Regression is a statistical tool that allows you to predict the value of one continuous variable from one or more other variables. When you perform a regression analysis, you create a regression equation that predicts the values of your DV using the values of your IVs. Each IV is associated with specific coefficients in the equation that summarizes the relationship between that IV and the DV. Once we estimate a set of coefficients in a regression equation, we can use hypothesis tests and confidence intervals to make inferences about the corresponding parameters in the population. You can also use the regression equation to predict the value of the DV given a specified set of values for your IVs.

Simple Linear Regression
Simple linear regression is used to predict the value of a single continuous DV (which we will call Y) from a single continuous IV (which we will call X). Regression assumes that the relationship between IV and the DV can be represented by the equation.

Yi = β0 + β 1Xi + åi,

where Yi is the value of the DV for case i, Xi is the value of the IV for case i, β0 and β1 are constants, and åi is the error in prediction for case i. When you perform a regression, what you are basically doing is determining estimates of β0 and β1 that let you best predict values of Y from values of X. You may remember from geometry that the above equation is equivalent to a straight line. This is no accident, since the purpose of simple linear regression is to define the line that represents the relationship between our two variables. β0 is the intercept of the line, indicating the expected value of Y when X = 0. β1 is the slope of the line, indicating how much we expect Y will change when we increase X by a single unit.

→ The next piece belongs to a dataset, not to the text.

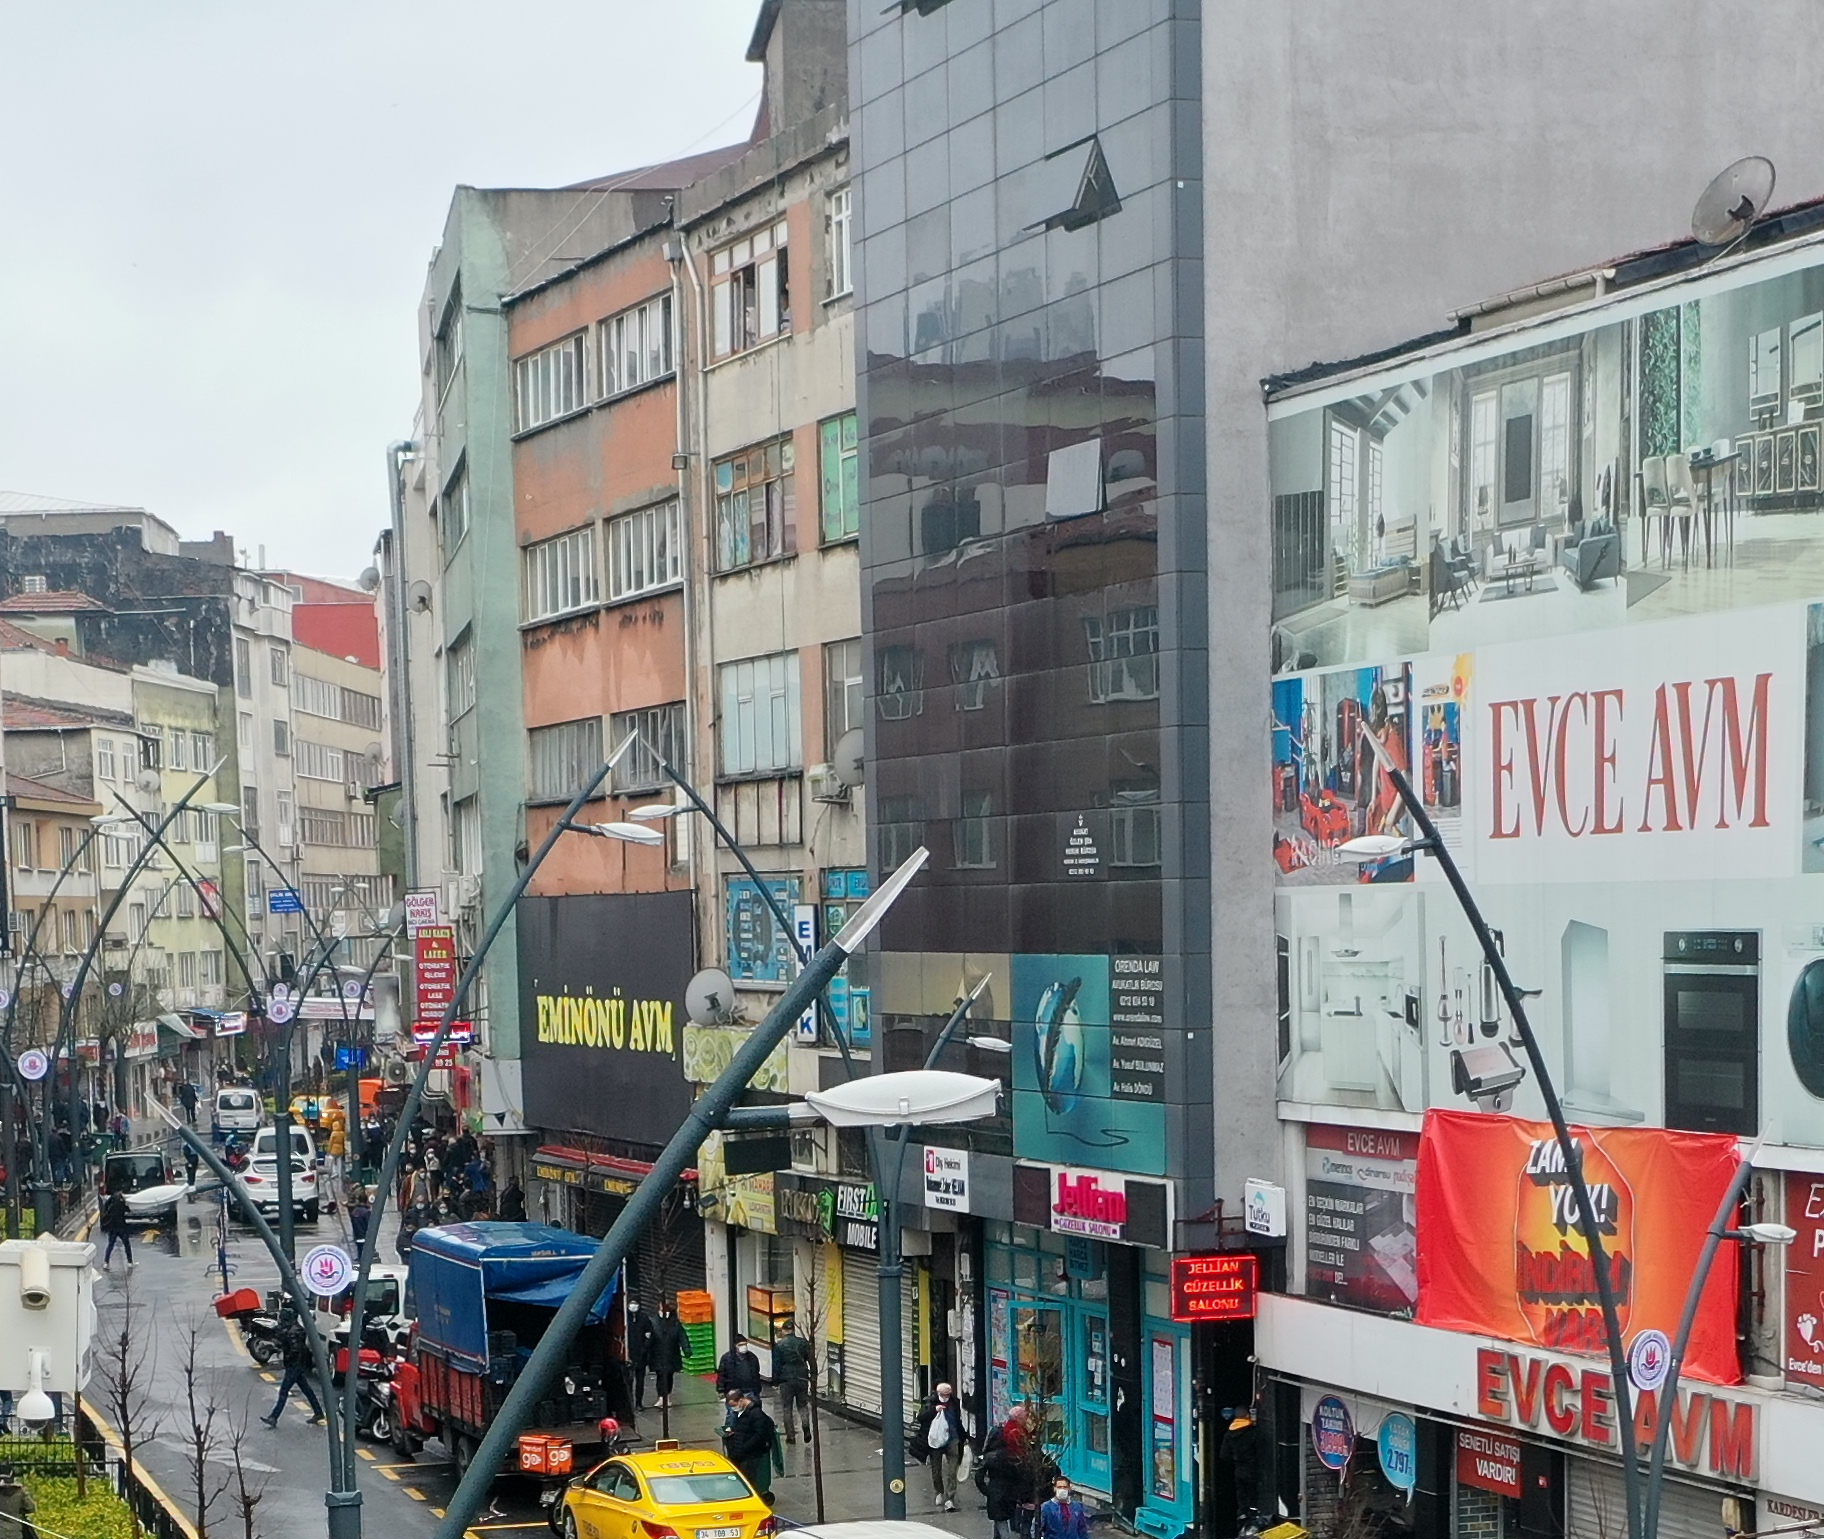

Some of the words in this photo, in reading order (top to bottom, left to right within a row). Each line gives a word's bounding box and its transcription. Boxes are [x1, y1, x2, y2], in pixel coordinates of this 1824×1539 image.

The regression equation above is written in terms of population parameters. That indicates that our goal is to determine the relationship between the two variables in the population as a whole. We typically do this by taking a sample and then performing calculations to obtain the estimated regression equation

Yi = b0 + b1Xi .

Once you estimate the values of b0 and b1, you can substitute in those values and use the regression equation to predict the expected values of the DV for specific values of the IV. Predicting the values of Y from the values of X is referred to as regressing Y on X. When analyzing data from a study you will typically want to regress the values of the DV on the values
of the IV. This makes sense since you want to use the IV to explain variability in the DV. We typically calculate b0 and b1 using least squares estimation. This chooses estimates that minimize the sum of squared errors between the values of the estimated regression line and the actual observed values.

In addition to using the estimated regression equation for prediction, you can also perform hypothesis tests regarding the individual regression parameters. The slope of the regression equation (β1) represents the change in Y with a one-unit change in X. If X predicts Y, then as X increases, Y should change in some systematic way. You can therefore test for a linear relationship between X and Y by determining whether the slope parameter is significantly different from zero.

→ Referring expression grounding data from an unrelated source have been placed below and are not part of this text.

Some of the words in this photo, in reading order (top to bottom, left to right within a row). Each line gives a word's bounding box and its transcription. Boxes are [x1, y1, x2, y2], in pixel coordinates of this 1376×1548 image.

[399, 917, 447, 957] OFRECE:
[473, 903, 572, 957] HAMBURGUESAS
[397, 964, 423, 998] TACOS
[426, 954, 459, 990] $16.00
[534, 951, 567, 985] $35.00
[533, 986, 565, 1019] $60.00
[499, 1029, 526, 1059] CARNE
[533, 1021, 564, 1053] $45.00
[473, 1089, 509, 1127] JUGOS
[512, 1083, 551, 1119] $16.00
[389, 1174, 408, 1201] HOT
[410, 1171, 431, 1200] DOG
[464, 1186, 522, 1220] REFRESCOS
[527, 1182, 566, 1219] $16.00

When using performing linear regression, we typically make the following assumptions about the error terms åi.

1. The errors have a normal distribution.
2. The same amount of error in the model is found at each level of X.
3. The errors in the model are all independent.

To perform a simple linear regression in SPSS
Choose Analyze thengoto Regression thengoto Linear.
Move the DV to the Dependent box.
Move the IV to the Independent(s) box.
Click the Continue button.
Click the OK button.

The output from this analysis will contain the following sections.
Variables Entered/Removed. This section is only used in model building and contains no useful information in simple linear regression.
Model Summary. The value listed below R is the correlation between your variables. The value listed below R Square is the proportion of variance in your DV that can be accounted for by your IV. The value in the Adjusted R Square column is a measure of model fit, adjusting for the number of IVs in the model. The value listed below Std. Error of the Estimate is the standard deviation of the residuals.
ANOVA. Here you will see an ANOVA table, which provides an F test of the relationship between your IV and your DV. If the F test is significant, it indicates that there is a relationship.
Coefficients. This section contains a table where each row corresponds to a single coefficient in your model. The row labeled Constant refers to the intercept, while the row containing the name of your IV refers to the slope. Inside the table, the column labeled B contains the estimates of the parameters and the column labeled Std. Error contains the standard error of those parameters. The column labeled Beta contains the standardized regression coefficient, which is the parameter estimate that you would get if you standardized both the IV and the DV by subtracting off their mean and dividing by their standard deviations. Standardized regression coefficients are sometimes used in multiple regression (discussed below) to compare the relative importance of different IVs when predicting the DV. In simple linear regression, the standardized regression coefficient will always be equal to the correlation between the IV and the DV. The column labeled t contains the value of the t-statistic testing whether the value of each parameter is equal to zero. The p-value of this test is found in the column labeled Sig. If the value for the IV is significant, then there is a relationship between the IV and the DV. Note that the square of the t statistic is equal to the F statistic in the ANOVA table and that the p-values of the two tests are equal. This is because both of these are testing whether there is a significant linear relationship between your variables.